A recent survey found that only 26% of B2B marketers believe their organizations have the right technology to manage content across the business. Worse still, 38% admit that they own the tools but don’t use them to their fullest potential [1]. It’s a troubling pattern, especially in science-driven sectors where marketing already faces unique challenges like complex buyer journeys, regulatory oversight, and multi-stakeholder sales cycles.

So, why is this happening, and how do we fix it?
The roots of the problem
- Buying before planning
One senior marketer I recently spoke to confirmed what I’ve observed too – namely, that many teams skip the most critical first step: measurement planning. Without a clear framework for what will be measured and why (which markers matter most to your business), even the most sophisticated analytics tools become little more than expensive dashboards. We recommend starting with mapping the buyer’s journey through to technology alignment. This will help to avoid stacking mismatched platforms that don’t solve the real problems and don’t deliver actionable insights. - Too many tools, not enough people
The real gap often isn’t the technology itself, but the in-house knowledge required to manage and interpret it.
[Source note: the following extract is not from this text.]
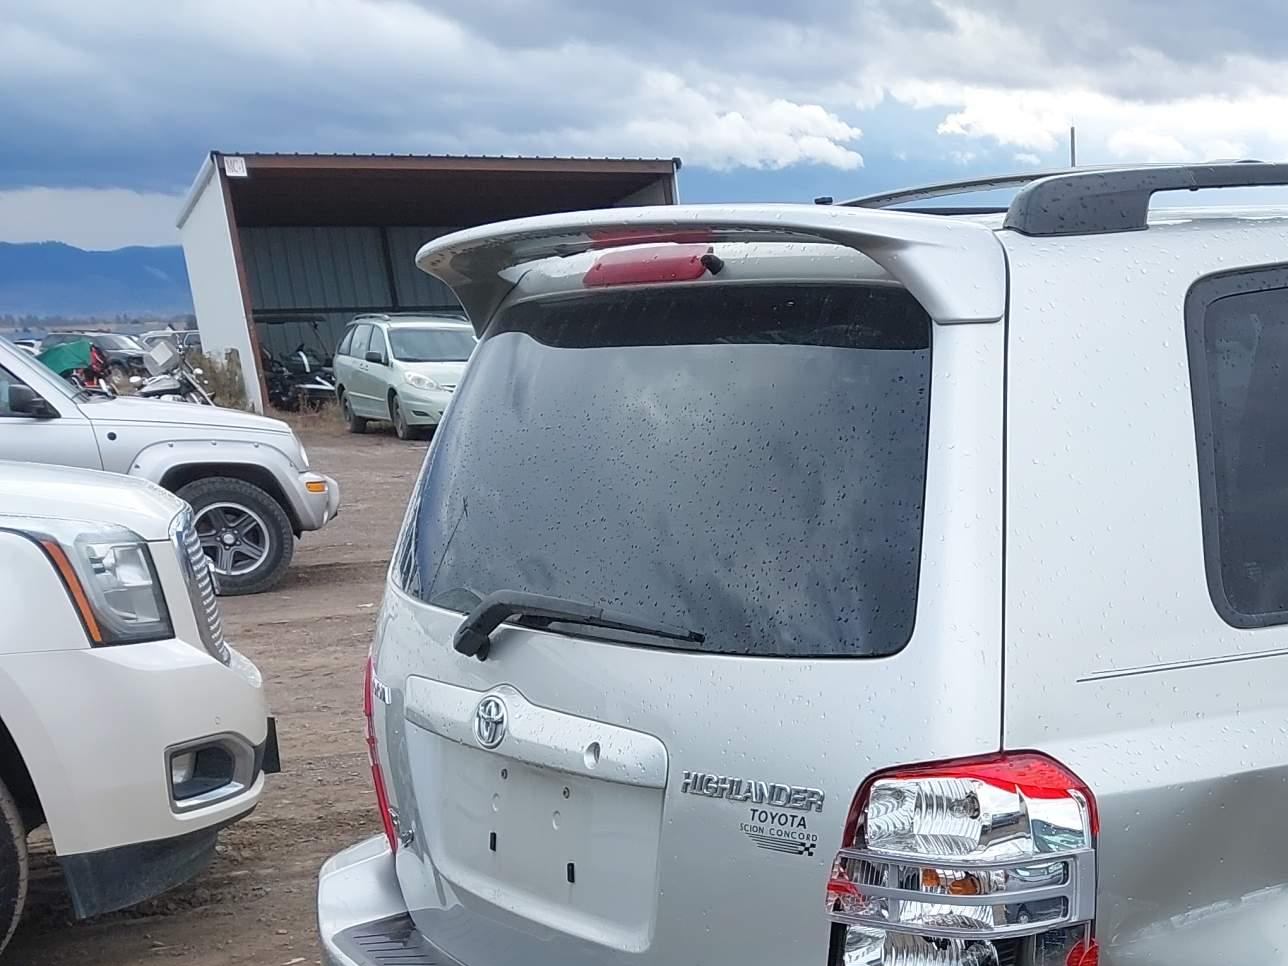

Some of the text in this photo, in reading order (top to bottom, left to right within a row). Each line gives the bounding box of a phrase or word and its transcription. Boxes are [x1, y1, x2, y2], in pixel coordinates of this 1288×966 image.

Speaking from experience, it is often the case that in a large marketing team of, say, 20 individuals, who all have distinct skill sets, typically only between 1-3 people (as a best-case scenario) would have the depth of knowledge and the daily familiarity with each tool. On average, according to a recent survey, teams juggle ca. 35 martech tools – each with its own data format, language, dashboards, APIs and outputs. This leads to duplicates, incomplete or dirty data, fragmented experiences, inefficient campaigns and costly staff frustration. [3] Consolidation of tools helps to lower the noise, but be careful to make sure you don’t sacrifice essential features. It is also true that in Life Sciences companies, budget approvals are easier for platforms than for headcount, which ultimately results in over tooled and under (wo)manned teams. - Silos everywhere
It’s one thing to have tools; it’s another for them to talk to each other, and for the various internal teams to talk to one another too. A senior marketer at AWS described exactly the impact of this data fragmentation challenge: “The proliferation of digital channels means organizations often struggle to consolidate and make sense of the vast amounts of data generated”. In Biotech and Life Sciences firms where commercial, medical affairs, and regulatory teams often use different systems, this challenge is magnified. To pull everything together takes an enormous amount of internal workshopping time and consistent efforts to help bring about cross-team alignment. - Inconsistent brand experiences
Now, let’s consider how inconsistent brand stories across channels erode trust: prospects see one message on social, another in sales decks, and yet another in email. Does that seem familiar? This inconsistency often stems from not having a single source of truth, like a proper DAM (digital asset management system). - No culture of improvement
Even after investing in powerful marketing tools and software, many teams don’t iterate. There is great power in accepting that a cycle of continuous improvement is required: audit one tool monthly, review the stack quarterly, and realign strategically every year. Marketing leaders, you may wish to assign a person in your team who has the greatest familiarity with a particular platform to be that auditor and go-to expert.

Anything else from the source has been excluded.